_EXERCISE PROMPT_. Would you please transcribe the data in full and exactly, excluding images?

_SOURCE DATA_.

- Opening Delimiter -

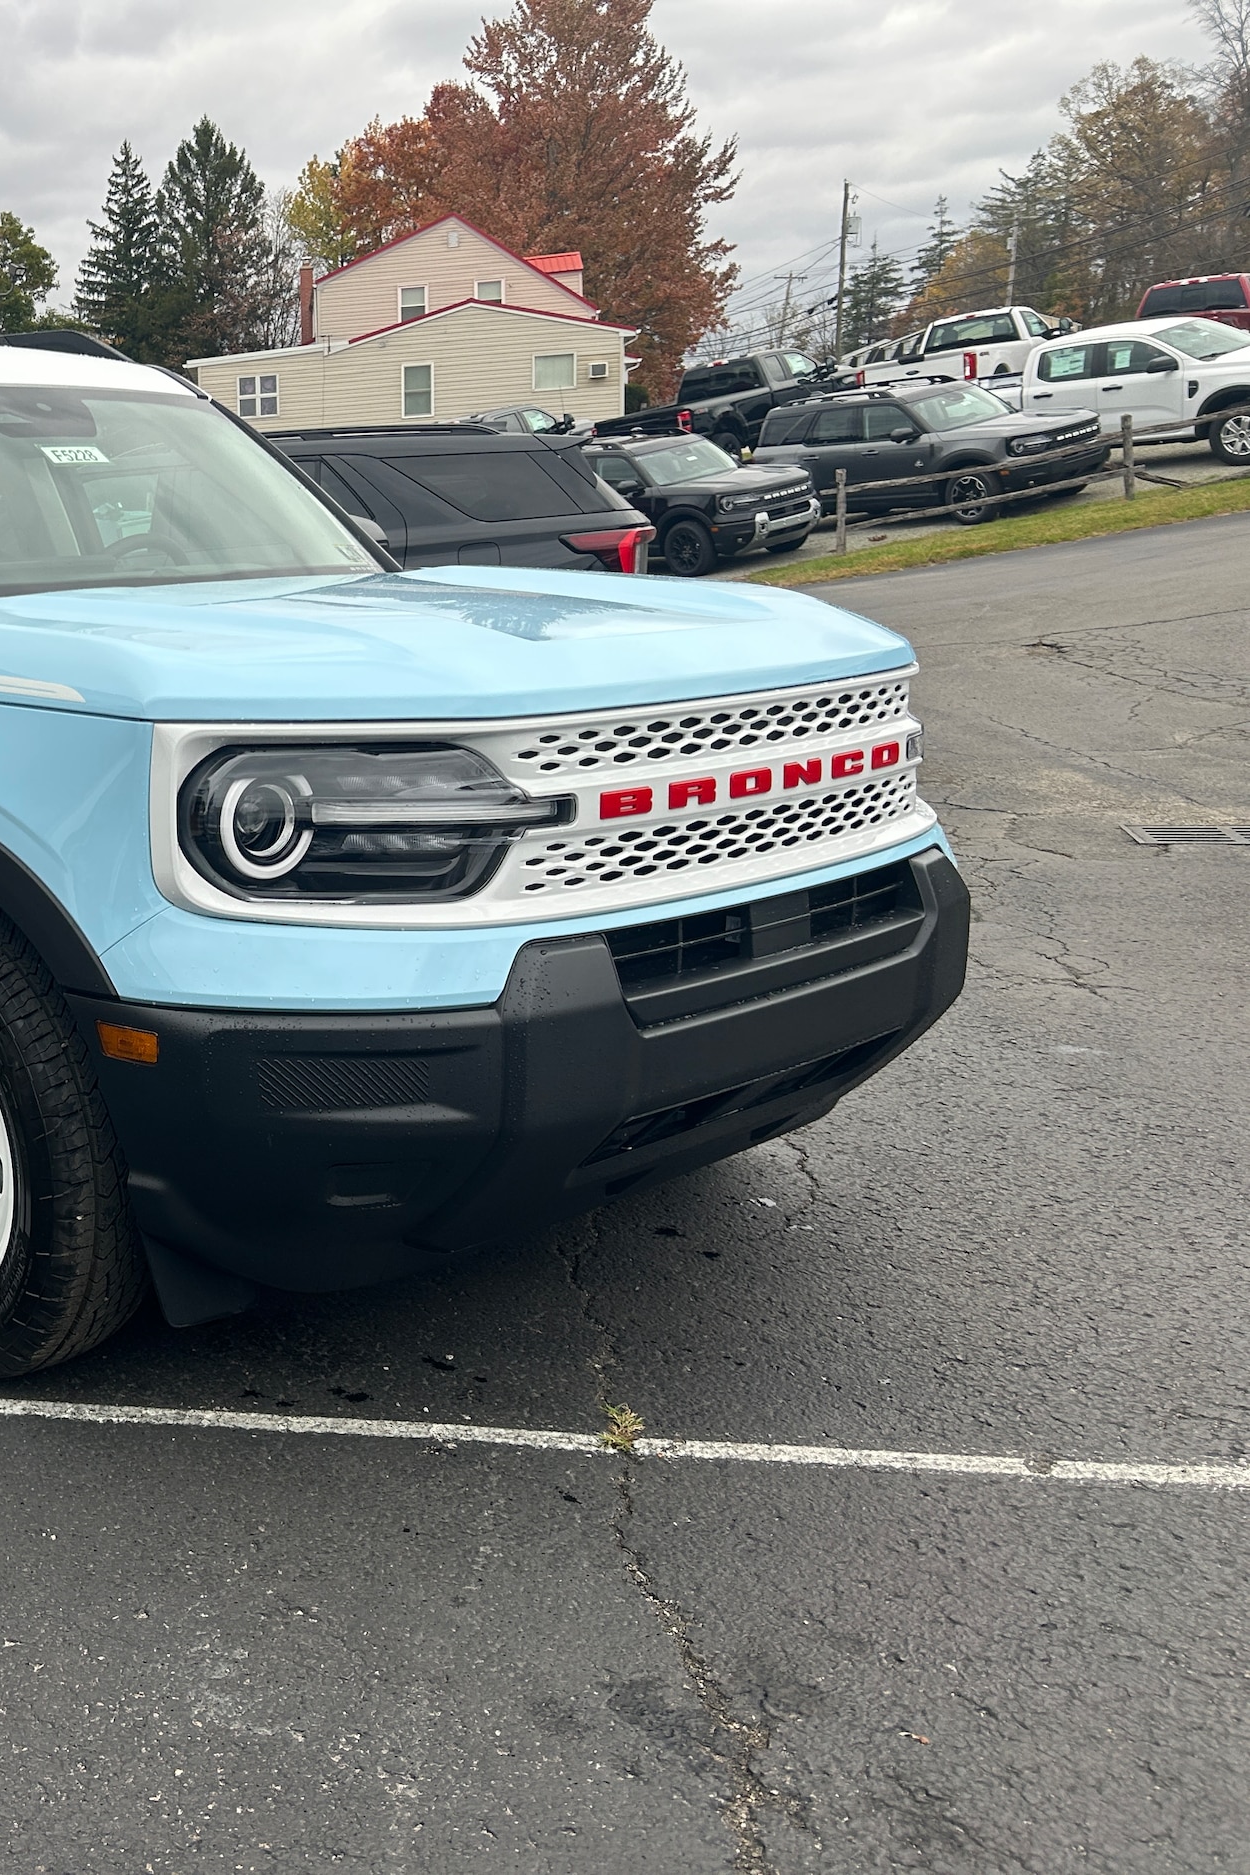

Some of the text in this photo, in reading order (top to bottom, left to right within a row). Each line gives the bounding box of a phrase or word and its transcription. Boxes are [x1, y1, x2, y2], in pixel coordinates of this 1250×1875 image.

[1056, 425, 1098, 441] BRONCO
[51, 449, 99, 462] F5228
[763, 485, 808, 500] BRONCO
[600, 741, 900, 820] BRONCO
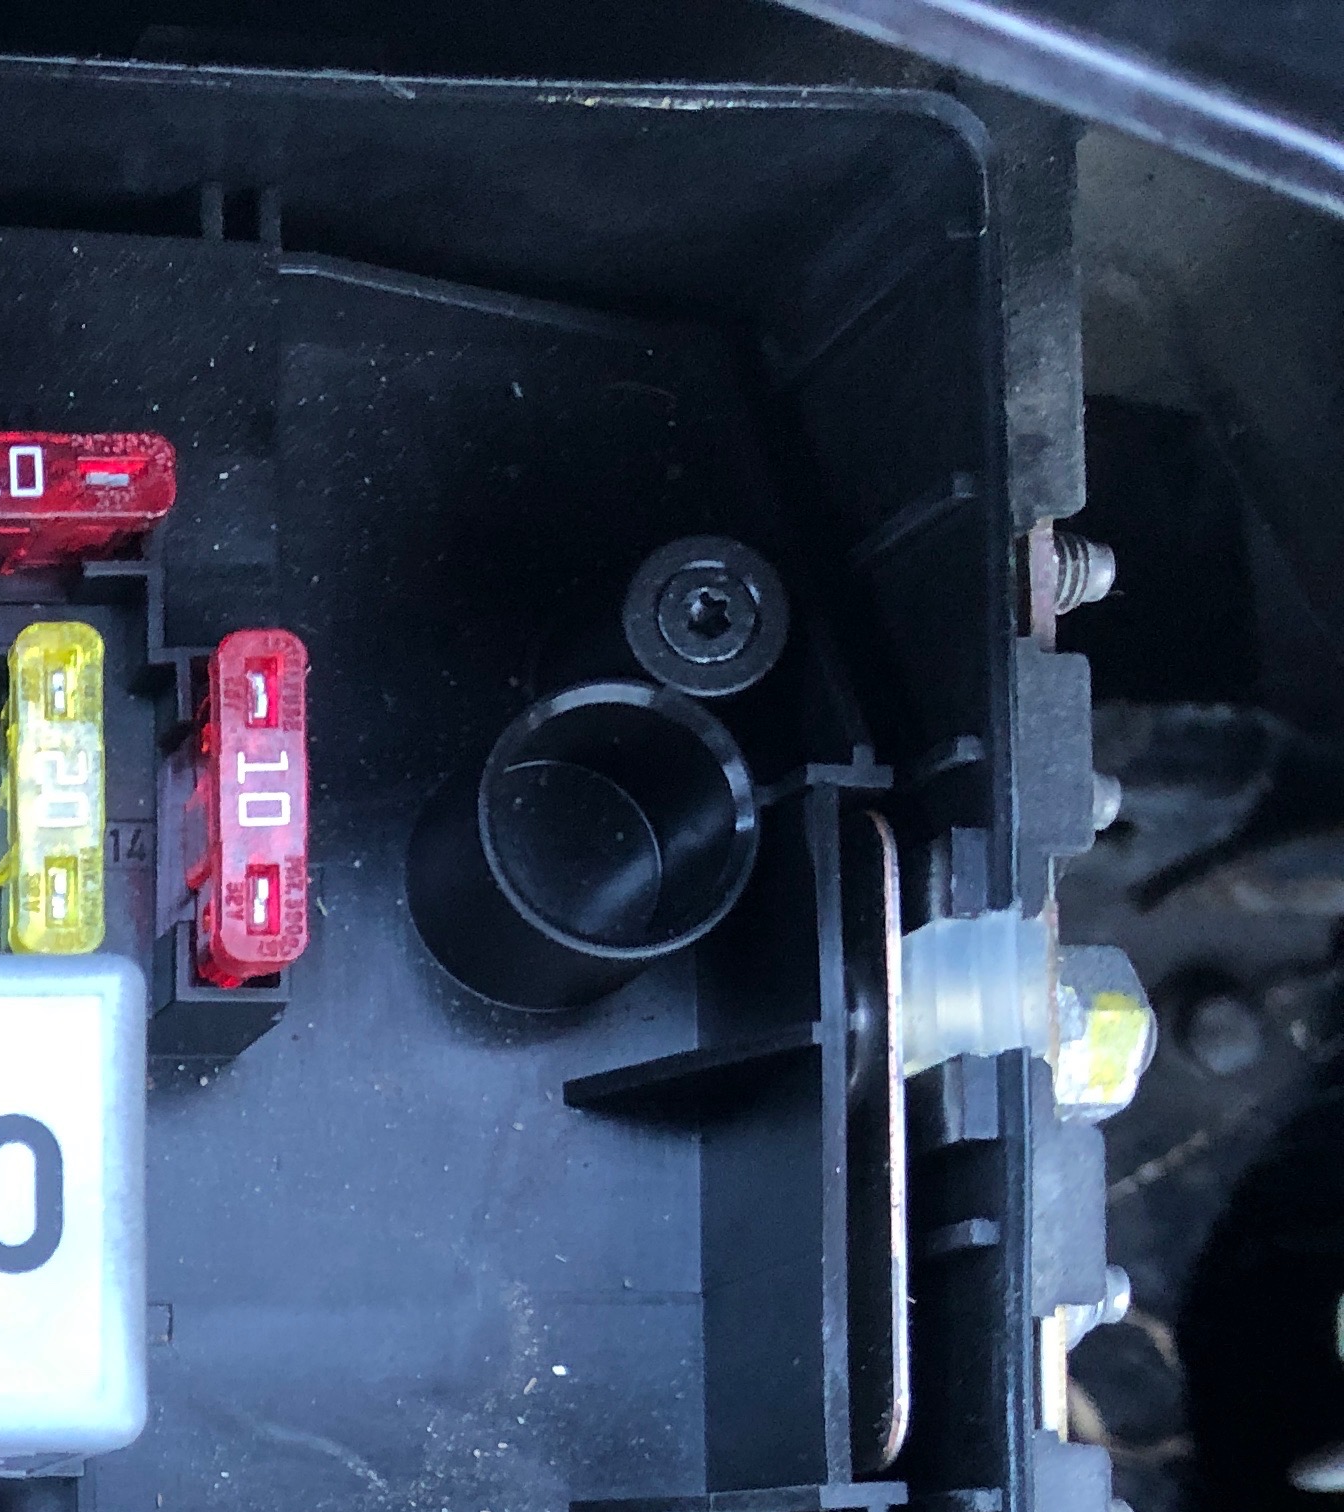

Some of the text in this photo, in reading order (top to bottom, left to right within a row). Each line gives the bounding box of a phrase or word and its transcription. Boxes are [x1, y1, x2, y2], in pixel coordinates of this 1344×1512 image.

[32, 749, 91, 830] 20
[237, 750, 291, 827] 10
[108, 827, 148, 863] 14
[225, 881, 245, 923] 32V
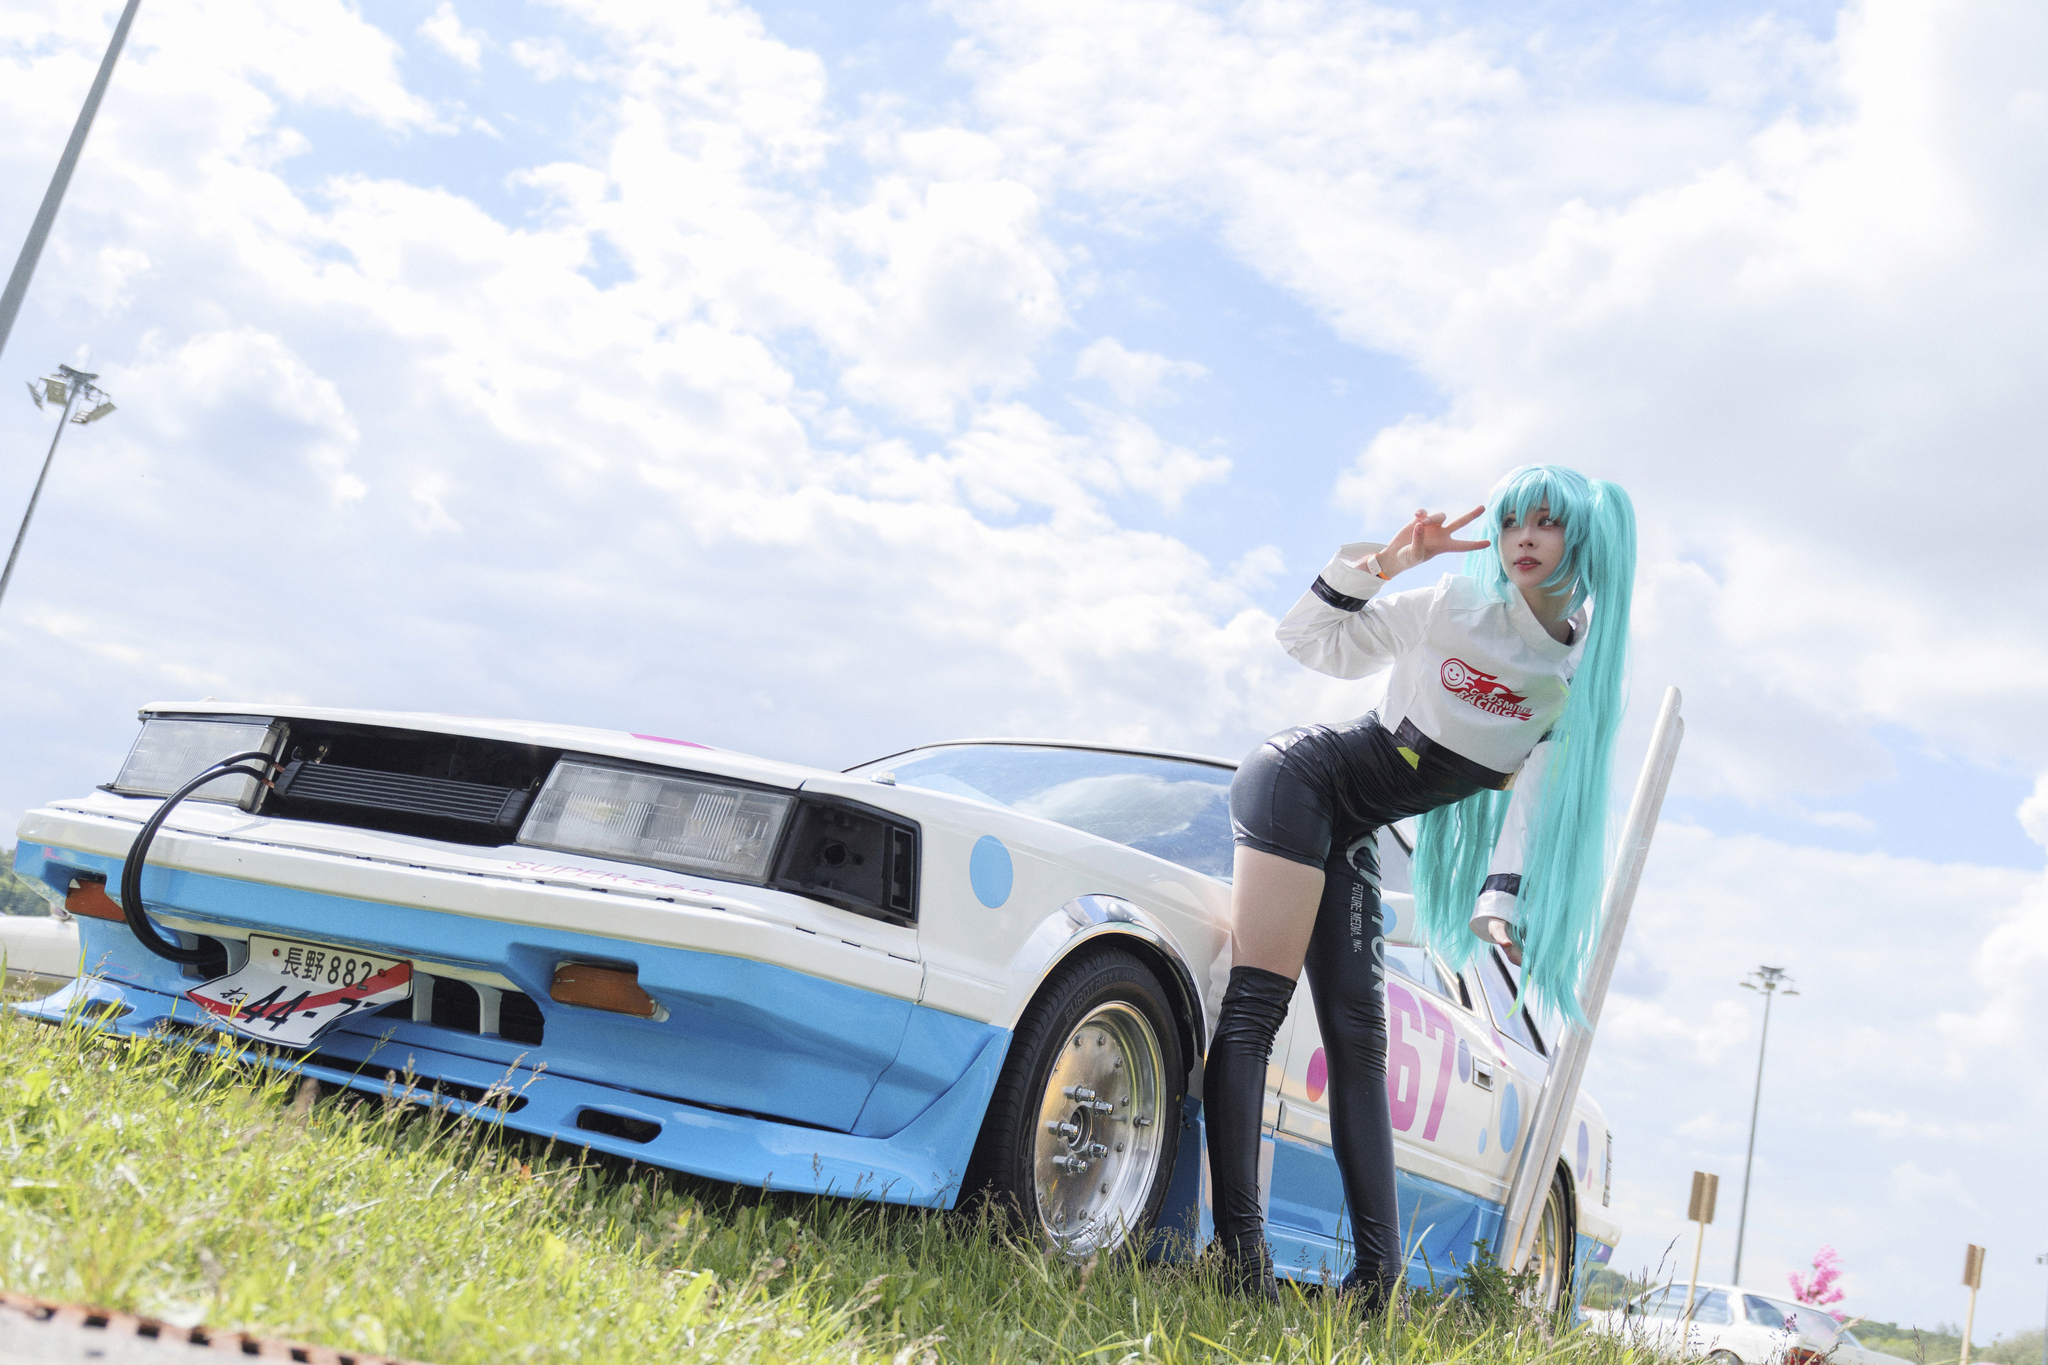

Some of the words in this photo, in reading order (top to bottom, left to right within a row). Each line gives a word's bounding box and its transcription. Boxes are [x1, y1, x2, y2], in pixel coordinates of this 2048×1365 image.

[1455, 689, 1513, 718] RACING
[506, 861, 628, 882] SUPER
[1350, 882, 1364, 912] FUTURE
[1386, 981, 1456, 1143] 67

- Closing Delimiter -

_ANSWER TO THE EXERCISE_.
Some of the text in this photo, in reading order (top to bottom, left to right within a row). Each line gives the bounding box of a phrase or word and its transcription. Boxes are [x1, y1, x2, y2], in pixel coordinates of this 1250×1875 image.

[1056, 425, 1098, 441] BRONCO
[51, 449, 99, 462] F5228
[763, 485, 808, 500] BRONCO
[600, 741, 900, 820] BRONCO

Some of the text in this photo, in reading order (top to bottom, left to right within a row). Each line gives the bounding box of a phrase or word and its transcription. Boxes are [x1, y1, x2, y2], in pixel coordinates of this 1344×1512 image.

[32, 749, 91, 830] 20
[237, 750, 291, 827] 10
[108, 827, 148, 863] 14
[225, 881, 245, 923] 32V

Some of the words in this photo, in reading order (top to bottom, left to right within a row). Each line gives a word's bounding box and its transcription. Boxes are [x1, y1, x2, y2], in pixel coordinates of this 2048×1365 image.

[1455, 689, 1513, 718] RACING
[506, 861, 628, 882] SUPER
[1350, 882, 1364, 912] FUTURE
[1386, 981, 1456, 1143] 67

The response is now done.